Fra i film più attesi, in vista di questo tanto agognato ritorno in sala, spicca The Batman, diretto da Matt Reeves. Ci aveva già provato Ben Affleck (con esiti non particolarmente fortunati o memorabili) a raccogliere la pesante eredità lasciata da Christian Bale; adesso invece a vestire i panni del celeberrimo uomo pipistrello troviamo Robert Pattinson, affiancato da un cast di attori di primissimo livello: Paul Dano (l’Enigmista); John Turturro (Carmine Falcone); Andy Serkis (Alfred); Colin Farrell (il Pinguino). Eccezion fatta per alcune entusiaste dichiarazioni da parte del cast (Paul Dano si è detto particolarmente impressionato dalla sceneggiatura), il film è totalmente avvolto da un alone di segretezza. Cerchiamo quindi di farci un’idea su cosa dobbiamo aspettarci, andando a proporvi un viaggio attraverso la carriera di Matt Reeves, regista che, al netto di qualche passaggio non particolarmente fortunato, ha dimostrato di avere uno sguardo attento e affilato, capace di affondare come una lama nelle dinamiche che permeano la società contemporanea. Il regista statunitense si è altresì dimostrato a suo agio con il cinema d’intrattenimento, andando a infondere nuova linfa a una saga, quella de Il pianeta delle scimmie, che necessitava già da tempo di un’operazione di svecchiamento. Le premesse per vedere qualcosa di interessante in The Batman ci sono tutte.

Tre amici, un matrimonio e un funerale (1996). L’esordio dietro la macchina da presa non è certamente dei più memorabili. Commedia piuttosto banale, nessun guizzo visivo degno di nota e una struttura narrativa piuttosto convenzionale. Se avessimo dovuto giudicare l’estro creativo di Reeves da questa sua opera prima le premesse non sarebbero certamente state delle migliori.

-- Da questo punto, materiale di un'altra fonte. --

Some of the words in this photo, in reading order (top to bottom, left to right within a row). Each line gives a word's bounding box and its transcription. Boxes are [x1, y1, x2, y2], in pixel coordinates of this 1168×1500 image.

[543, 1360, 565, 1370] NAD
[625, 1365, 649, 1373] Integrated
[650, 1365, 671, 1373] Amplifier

Cloverfield (2008). Dopo aver temporaneamente accantonato il grande schermo per dedicarsi a produzioni televisive, Reeves torna a dedicarsi al cinema, regalandoci quello che, a oggi, resta la sua opera più significativa. Cloverfield spicca come una delle riflessioni più lucide e potenti sulla società americana alle prese con lo shock del post-11 settembre e con l'ossessione per il videoracconto da condividere tempestivamente con la comunità virtuale. L’intuizione del regista è quella di far scontrare alcuni elementi caratteristici del cinema contemporaneo (l’uso democratico di una cinepresa digitale che permette a chiunque di filmare e autorappresentarsi; l’ossessione per immortalare, archiviare e condividere qualsiasi cosa) con la presenza dell'elemento finzionale-cinematografico per eccellenza: il grande mostro che devasta la grande città, simbolo di quella minaccia senza volto che, quel fatidico giorno di settembre, ha spazzato le certezze dell'intera società americana.

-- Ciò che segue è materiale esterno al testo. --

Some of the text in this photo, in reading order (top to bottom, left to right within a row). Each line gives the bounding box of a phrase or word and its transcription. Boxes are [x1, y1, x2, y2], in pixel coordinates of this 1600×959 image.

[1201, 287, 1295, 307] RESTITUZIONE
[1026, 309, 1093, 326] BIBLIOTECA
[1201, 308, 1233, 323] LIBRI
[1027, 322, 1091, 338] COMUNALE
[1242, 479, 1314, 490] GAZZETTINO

Blood Story (2010). Dopo il successo ottenuto con il film precedente, Reeves incappa in un altro passo falso. Remake dello svedese Lasciami entrare (2008), tratto dalla stessa fonte letteraria, Blood Story si limita a trasporre le vicende negli States, edulcorandole ulteriormente a uso e consumo del grande pubblico. Non funziona affatto l'irritante star (allora) in erba Chloë Grace Moretz nei panni di quella che dovrebbe essere un'adolescente-vampira tormentata e ambigua, mentre è piuttosto convincente il timido protagonista. 



Apes Revolution – Il pianeta delle scimmie (2014). Sequel de L'alba del pianeta delle scimmie (2011), reboot della serie firmato da Rupert Wyatt, qui sostituito proprio dal talentuoso Matt Reeves. Il cambio in cabina di regia regala nuova linfa alla saga, che si traduce in un maggiore dinamismo nelle ben orchestrate sequenze d'azione e in una scrittura ben calibrata dei personaggi. 

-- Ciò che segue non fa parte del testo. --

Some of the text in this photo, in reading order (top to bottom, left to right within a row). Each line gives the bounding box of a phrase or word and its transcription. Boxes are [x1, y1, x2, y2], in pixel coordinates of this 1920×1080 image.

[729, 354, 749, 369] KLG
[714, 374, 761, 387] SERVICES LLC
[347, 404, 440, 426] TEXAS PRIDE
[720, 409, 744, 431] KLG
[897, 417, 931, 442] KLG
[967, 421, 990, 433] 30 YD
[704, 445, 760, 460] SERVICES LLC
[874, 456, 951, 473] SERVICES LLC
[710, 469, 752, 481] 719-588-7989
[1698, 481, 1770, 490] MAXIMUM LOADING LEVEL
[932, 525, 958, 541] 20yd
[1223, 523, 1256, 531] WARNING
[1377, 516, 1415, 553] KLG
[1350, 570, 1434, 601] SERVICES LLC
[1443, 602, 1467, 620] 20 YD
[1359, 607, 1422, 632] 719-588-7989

The War – Il pianeta delle scimmie (2017). Le sfide visive e formali che Reeves mette in campo e con le quali si confronta sono all’altezza della statura di questo regista multiforme e acutissimo, che si lancia già dal prologo in una messa in scena calibrata al millimetro e coreografata con senso della commozione e una tenuta epica altrettanto lampante. Nel viaggio al termine della notte offerto dallo scontro sanguinoso tra due stirpi, che s’infiamma e non lascia scampo sotto il profilo delle scelte morali e di una compassione tanto faticosa quanto necessaria, a risaltare sono soprattutto la poesia e la misura con cui i sentimenti sono maneggiati. Tale intimismo spassionato e a cuore aperto, per un blockbuster dei nostri tempi, è merce rarissima e quanto mai preziosa.